DIRECTIONS FOR THIS TASK>
Your task is to give the records again exactly. Leave each picture out.

DATA SHOWN>
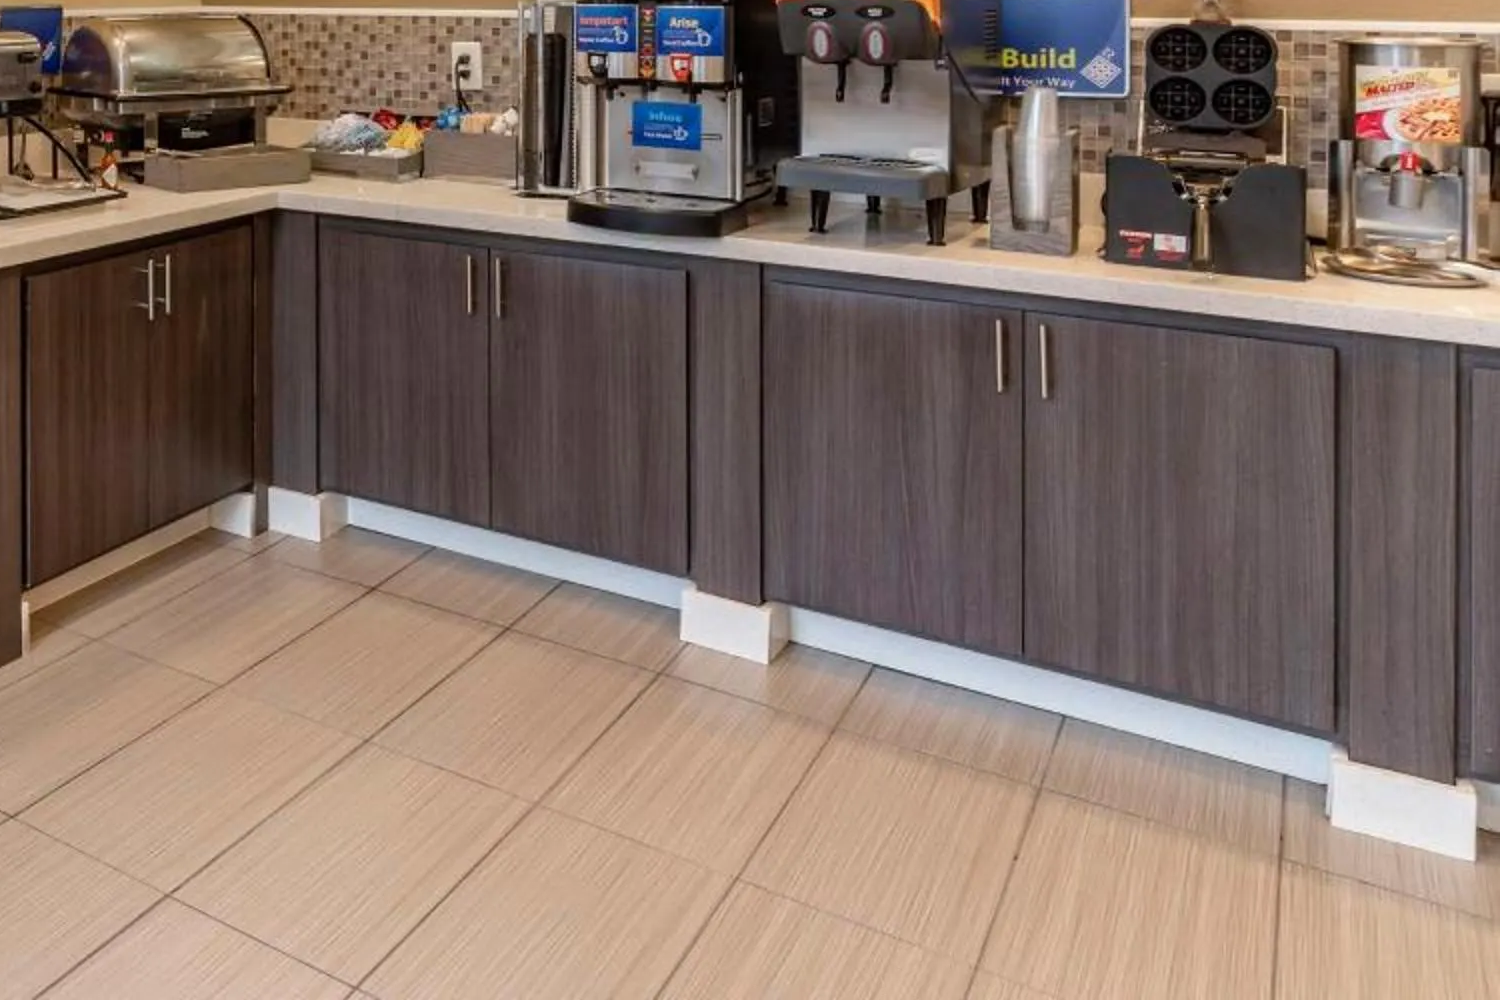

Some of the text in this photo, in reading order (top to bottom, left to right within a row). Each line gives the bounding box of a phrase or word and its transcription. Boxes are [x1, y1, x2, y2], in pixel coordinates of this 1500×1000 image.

[669, 16, 700, 29] Arise
[1002, 47, 1077, 69] Build
[1047, 76, 1077, 88] Way
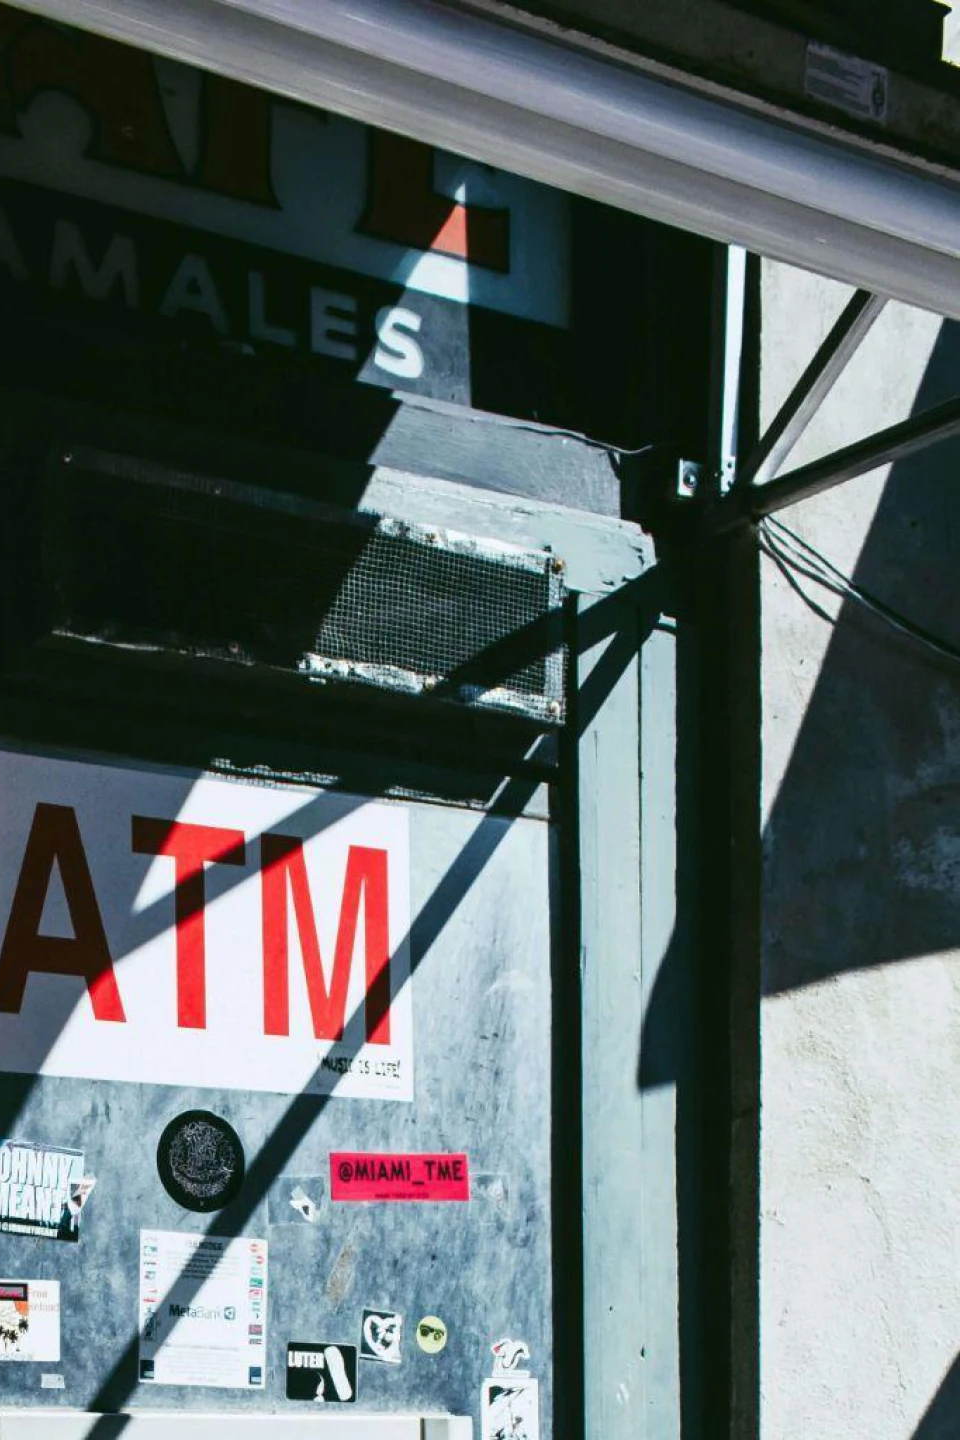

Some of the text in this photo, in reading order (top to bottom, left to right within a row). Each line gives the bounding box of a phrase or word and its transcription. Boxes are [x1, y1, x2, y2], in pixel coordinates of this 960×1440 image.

[320, 1056, 353, 1074] MUSIC
[358, 1060, 370, 1074] IS
[337, 1160, 464, 1186] @MIAMI_TME
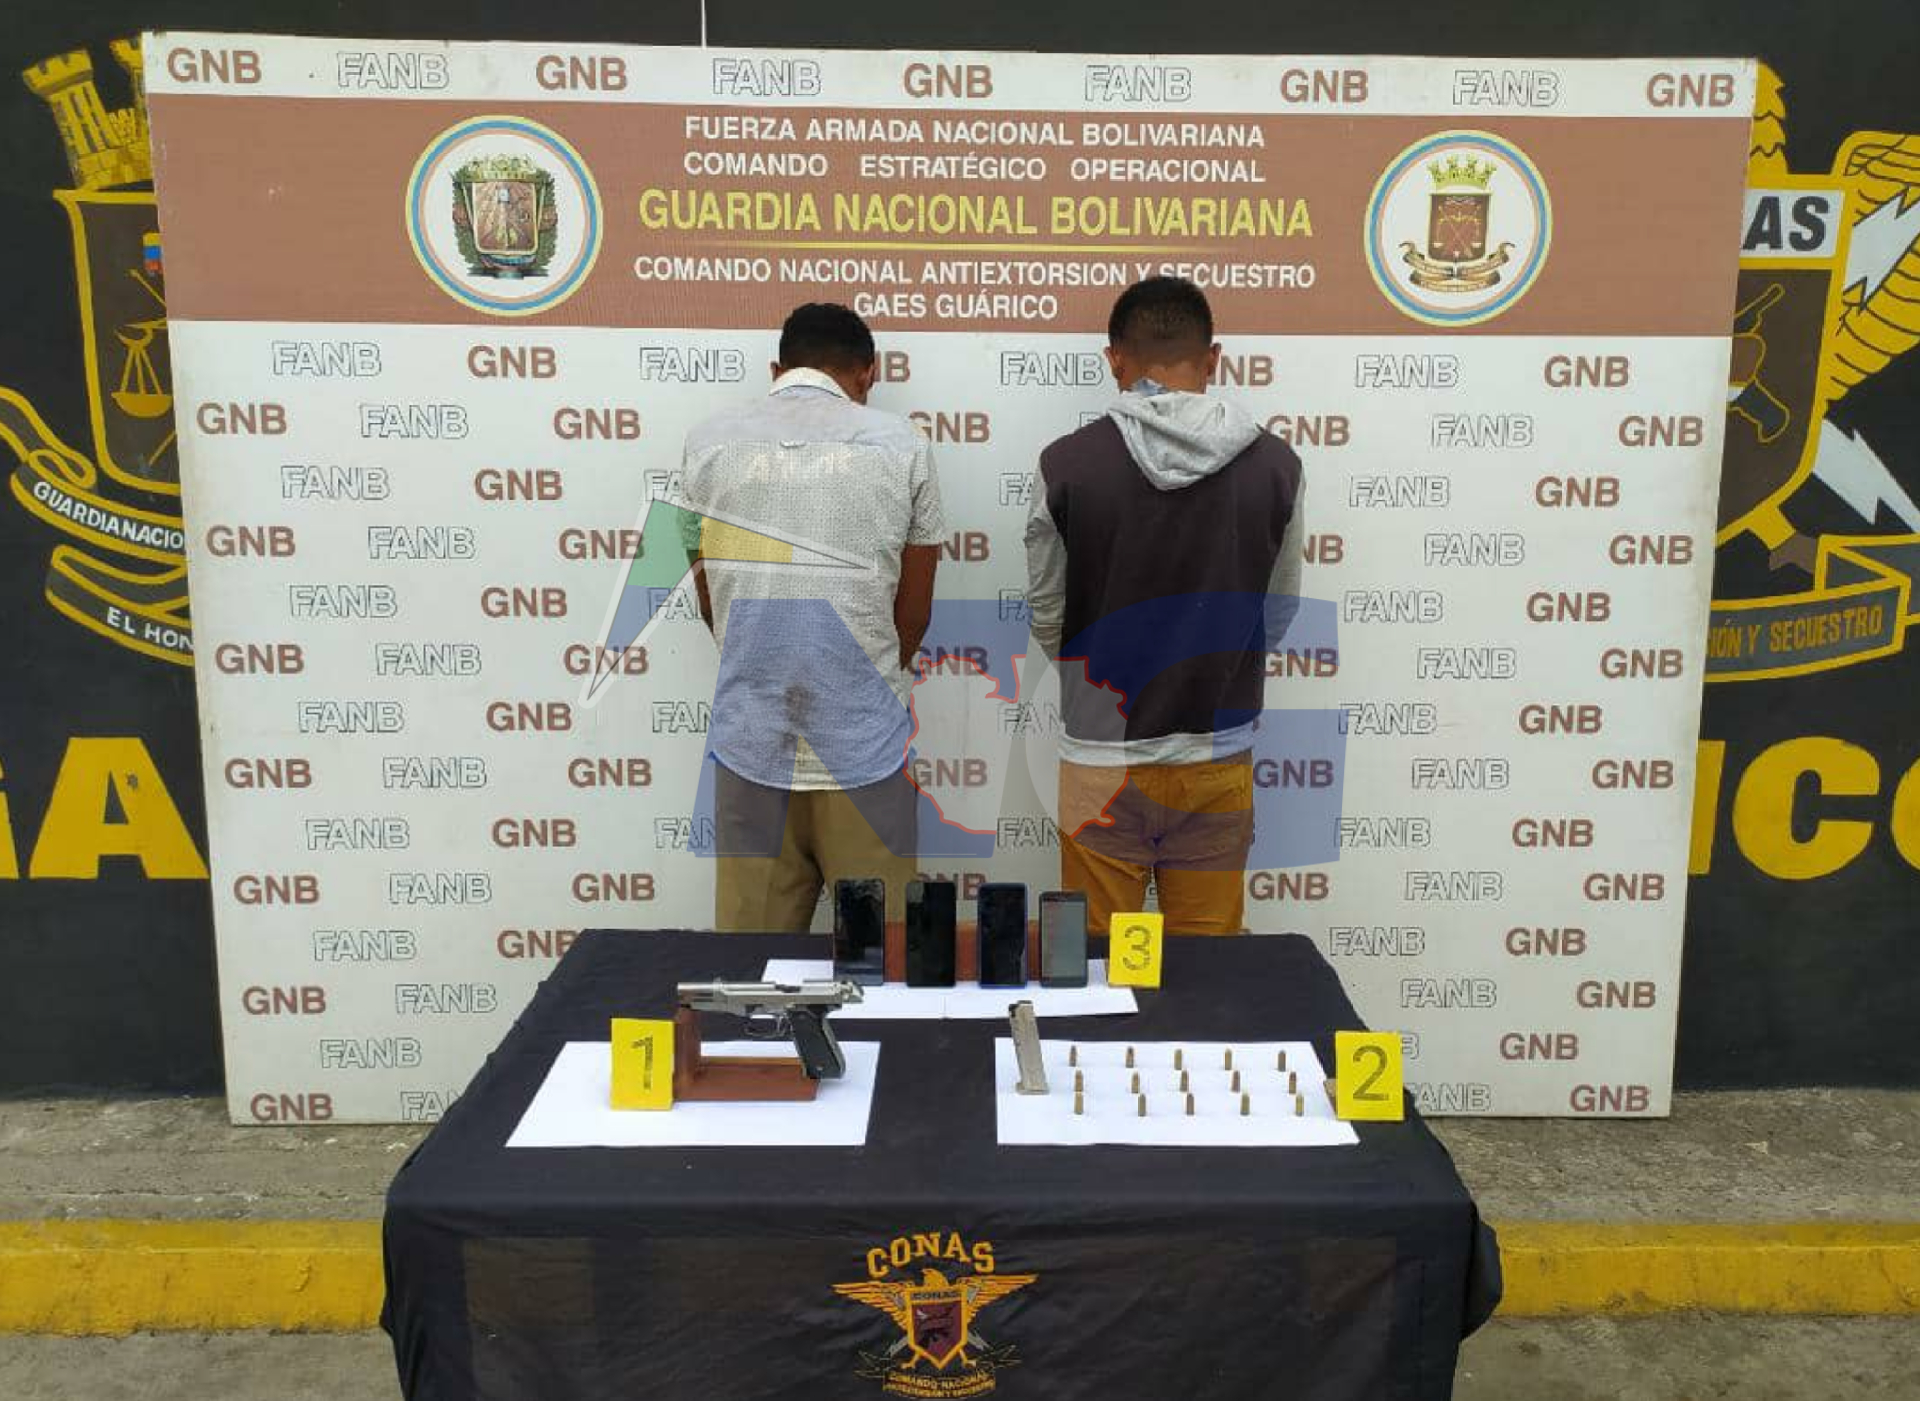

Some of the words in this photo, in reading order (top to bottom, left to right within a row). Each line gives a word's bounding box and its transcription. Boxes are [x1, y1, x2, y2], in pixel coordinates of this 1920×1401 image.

[168, 48, 262, 84] GNB
[336, 51, 449, 90] FANB
[536, 55, 628, 91] GNB
[712, 58, 821, 96] FANB
[903, 63, 993, 98] GNB
[1085, 65, 1191, 102] FANB
[1280, 69, 1368, 103] GNB
[1453, 70, 1561, 106] FANB
[1645, 73, 1735, 108] GNB
[686, 116, 796, 141] FUERZA
[806, 118, 924, 143] ARMADA
[933, 120, 1074, 146] NACIONAL
[1083, 123, 1265, 148] BOLIVARIANA
[684, 152, 828, 177] COMANDO
[860, 151, 1046, 181] ESTRATÉGICO
[1071, 157, 1266, 183] OPERACIONAL
[639, 188, 821, 231] GUARDIA
[834, 193, 1037, 235] NACIONAL
[1051, 196, 1312, 238] BOLIVARIANA
[634, 256, 771, 283] COMANDO
[779, 258, 913, 285] NACIONAL
[921, 260, 1126, 287] ANTIEXTORSION
[1135, 262, 1152, 281] Y
[854, 292, 927, 318] GAES
[935, 290, 1057, 319] GUÁRICO
[272, 341, 382, 377] FANB
[467, 345, 557, 379] GNB
[639, 347, 746, 382] FANB
[1000, 352, 1103, 386] FANB
[1208, 355, 1274, 386] NB
[1355, 354, 1459, 388] FANB
[1544, 356, 1630, 388] GNB
[196, 403, 287, 435] GNB
[359, 404, 469, 439] FANB
[553, 408, 641, 440] GNB
[1431, 414, 1534, 447] FANB
[1619, 415, 1703, 447] GNB
[281, 465, 391, 500] FANB
[474, 469, 563, 501] GNB
[644, 469, 682, 502] FA
[1348, 475, 1450, 508] FANB
[1536, 476, 1620, 508] GNB
[206, 525, 296, 557] GNB
[368, 526, 476, 560] FANB
[559, 528, 645, 560] GNB
[938, 532, 990, 561] NB
[1302, 534, 1343, 564] NB
[1424, 533, 1525, 566] FANB
[1608, 534, 1694, 566] GNB
[107, 606, 136, 634] EL
[289, 585, 398, 619] FANB
[481, 587, 567, 618] GNB
[648, 588, 705, 620] FA
[1344, 590, 1443, 623] FANB
[1526, 592, 1611, 623] GNB
[1747, 624, 1761, 655] Y
[1769, 604, 1884, 653] SECUESTRO
[215, 643, 304, 675] GNB
[375, 642, 482, 675] FANB
[564, 645, 649, 675] GNB
[1417, 647, 1517, 680] FANB
[1600, 647, 1683, 679] GNB
[298, 701, 405, 734] FANB
[486, 701, 573, 733] GNB
[652, 701, 713, 734] FAN
[997, 701, 1065, 736] FAN
[1338, 703, 1437, 735] FANB
[1519, 704, 1602, 735] GNB
[224, 758, 312, 789] GNB
[382, 757, 487, 790] FANB
[568, 758, 652, 788] GNB
[914, 758, 988, 788] GNB
[1253, 758, 1333, 788] GNB
[1412, 758, 1509, 790] FANB
[1592, 759, 1673, 790] GNB
[0, 737, 210, 879] A
[306, 818, 410, 851] FANB
[491, 818, 576, 849] GNB
[654, 817, 716, 849] FAN
[997, 817, 1060, 848] FAN
[1334, 818, 1431, 849] FANB
[1512, 818, 1594, 849] GNB
[233, 875, 320, 905] GNB
[389, 872, 492, 904] FANB
[572, 873, 655, 903] GNB
[1249, 872, 1329, 902] GNB
[1405, 871, 1502, 902] FANB
[1583, 873, 1664, 903] GNB
[313, 929, 417, 962] FANB
[1329, 927, 1425, 959] FANB
[1504, 927, 1587, 957] GNB
[1122, 924, 1153, 972] 3
[242, 985, 327, 1015] GNB
[395, 983, 498, 1015] FANB
[1400, 977, 1497, 1008] FANB
[1575, 979, 1656, 1009] GNB
[320, 1038, 422, 1069] FANB
[1500, 1033, 1580, 1061] GNB
[632, 1036, 654, 1089] 1
[1352, 1045, 1390, 1101] 2
[250, 1092, 333, 1121] GNB
[1569, 1084, 1652, 1112] GNB
[866, 1231, 996, 1279] CONAS

WRITTEN RESPONSE>
Some of the text in this photo, in reading order (top to bottom, left to right within a row). Each line gives the bounding box of a phrase or word and its transcription. Boxes are [x1, y1, x2, y2], in pixel coordinates of this 1500×1000 image.

[669, 16, 700, 29] Arise
[1002, 47, 1077, 69] Build
[1047, 76, 1077, 88] Way

Some of the text in this photo, in reading order (top to bottom, left to right within a row). Each line gives the bounding box of a phrase or word and its transcription. Boxes are [x1, y1, x2, y2], in pixel coordinates of this 960×1440 image.

[320, 1056, 353, 1074] MUSIC
[358, 1060, 370, 1074] IS
[337, 1160, 464, 1186] @MIAMI_TME

Some of the words in this photo, in reading order (top to bottom, left to right within a row). Each line gives a word's bounding box and its transcription. Boxes are [x1, y1, x2, y2], in pixel coordinates of this 1920×1401 image.

[168, 48, 262, 84] GNB
[336, 51, 449, 90] FANB
[536, 55, 628, 91] GNB
[712, 58, 821, 96] FANB
[903, 63, 993, 98] GNB
[1085, 65, 1191, 102] FANB
[1280, 69, 1368, 103] GNB
[1453, 70, 1561, 106] FANB
[1645, 73, 1735, 108] GNB
[686, 116, 796, 141] FUERZA
[806, 118, 924, 143] ARMADA
[933, 120, 1074, 146] NACIONAL
[1083, 123, 1265, 148] BOLIVARIANA
[684, 152, 828, 177] COMANDO
[860, 151, 1046, 181] ESTRATÉGICO
[1071, 157, 1266, 183] OPERACIONAL
[639, 188, 821, 231] GUARDIA
[834, 193, 1037, 235] NACIONAL
[1051, 196, 1312, 238] BOLIVARIANA
[634, 256, 771, 283] COMANDO
[779, 258, 913, 285] NACIONAL
[921, 260, 1126, 287] ANTIEXTORSION
[1135, 262, 1152, 281] Y
[854, 292, 927, 318] GAES
[935, 290, 1057, 319] GUÁRICO
[272, 341, 382, 377] FANB
[467, 345, 557, 379] GNB
[639, 347, 746, 382] FANB
[1000, 352, 1103, 386] FANB
[1208, 355, 1274, 386] NB
[1355, 354, 1459, 388] FANB
[1544, 356, 1630, 388] GNB
[196, 403, 287, 435] GNB
[359, 404, 469, 439] FANB
[553, 408, 641, 440] GNB
[1431, 414, 1534, 447] FANB
[1619, 415, 1703, 447] GNB
[281, 465, 391, 500] FANB
[474, 469, 563, 501] GNB
[644, 469, 682, 502] FA
[1348, 475, 1450, 508] FANB
[1536, 476, 1620, 508] GNB
[206, 525, 296, 557] GNB
[368, 526, 476, 560] FANB
[559, 528, 645, 560] GNB
[938, 532, 990, 561] NB
[1302, 534, 1343, 564] NB
[1424, 533, 1525, 566] FANB
[1608, 534, 1694, 566] GNB
[107, 606, 136, 634] EL
[289, 585, 398, 619] FANB
[481, 587, 567, 618] GNB
[648, 588, 705, 620] FA
[1344, 590, 1443, 623] FANB
[1526, 592, 1611, 623] GNB
[1747, 624, 1761, 655] Y
[1769, 604, 1884, 653] SECUESTRO
[215, 643, 304, 675] GNB
[375, 642, 482, 675] FANB
[564, 645, 649, 675] GNB
[1417, 647, 1517, 680] FANB
[1600, 647, 1683, 679] GNB
[298, 701, 405, 734] FANB
[486, 701, 573, 733] GNB
[652, 701, 713, 734] FAN
[997, 701, 1065, 736] FAN
[1338, 703, 1437, 735] FANB
[1519, 704, 1602, 735] GNB
[224, 758, 312, 789] GNB
[382, 757, 487, 790] FANB
[568, 758, 652, 788] GNB
[914, 758, 988, 788] GNB
[1253, 758, 1333, 788] GNB
[1412, 758, 1509, 790] FANB
[1592, 759, 1673, 790] GNB
[0, 737, 210, 879] A
[306, 818, 410, 851] FANB
[491, 818, 576, 849] GNB
[654, 817, 716, 849] FAN
[997, 817, 1060, 848] FAN
[1334, 818, 1431, 849] FANB
[1512, 818, 1594, 849] GNB
[233, 875, 320, 905] GNB
[389, 872, 492, 904] FANB
[572, 873, 655, 903] GNB
[1249, 872, 1329, 902] GNB
[1405, 871, 1502, 902] FANB
[1583, 873, 1664, 903] GNB
[313, 929, 417, 962] FANB
[1329, 927, 1425, 959] FANB
[1504, 927, 1587, 957] GNB
[1122, 924, 1153, 972] 3
[242, 985, 327, 1015] GNB
[395, 983, 498, 1015] FANB
[1400, 977, 1497, 1008] FANB
[1575, 979, 1656, 1009] GNB
[320, 1038, 422, 1069] FANB
[1500, 1033, 1580, 1061] GNB
[632, 1036, 654, 1089] 1
[1352, 1045, 1390, 1101] 2
[250, 1092, 333, 1121] GNB
[1569, 1084, 1652, 1112] GNB
[866, 1231, 996, 1279] CONAS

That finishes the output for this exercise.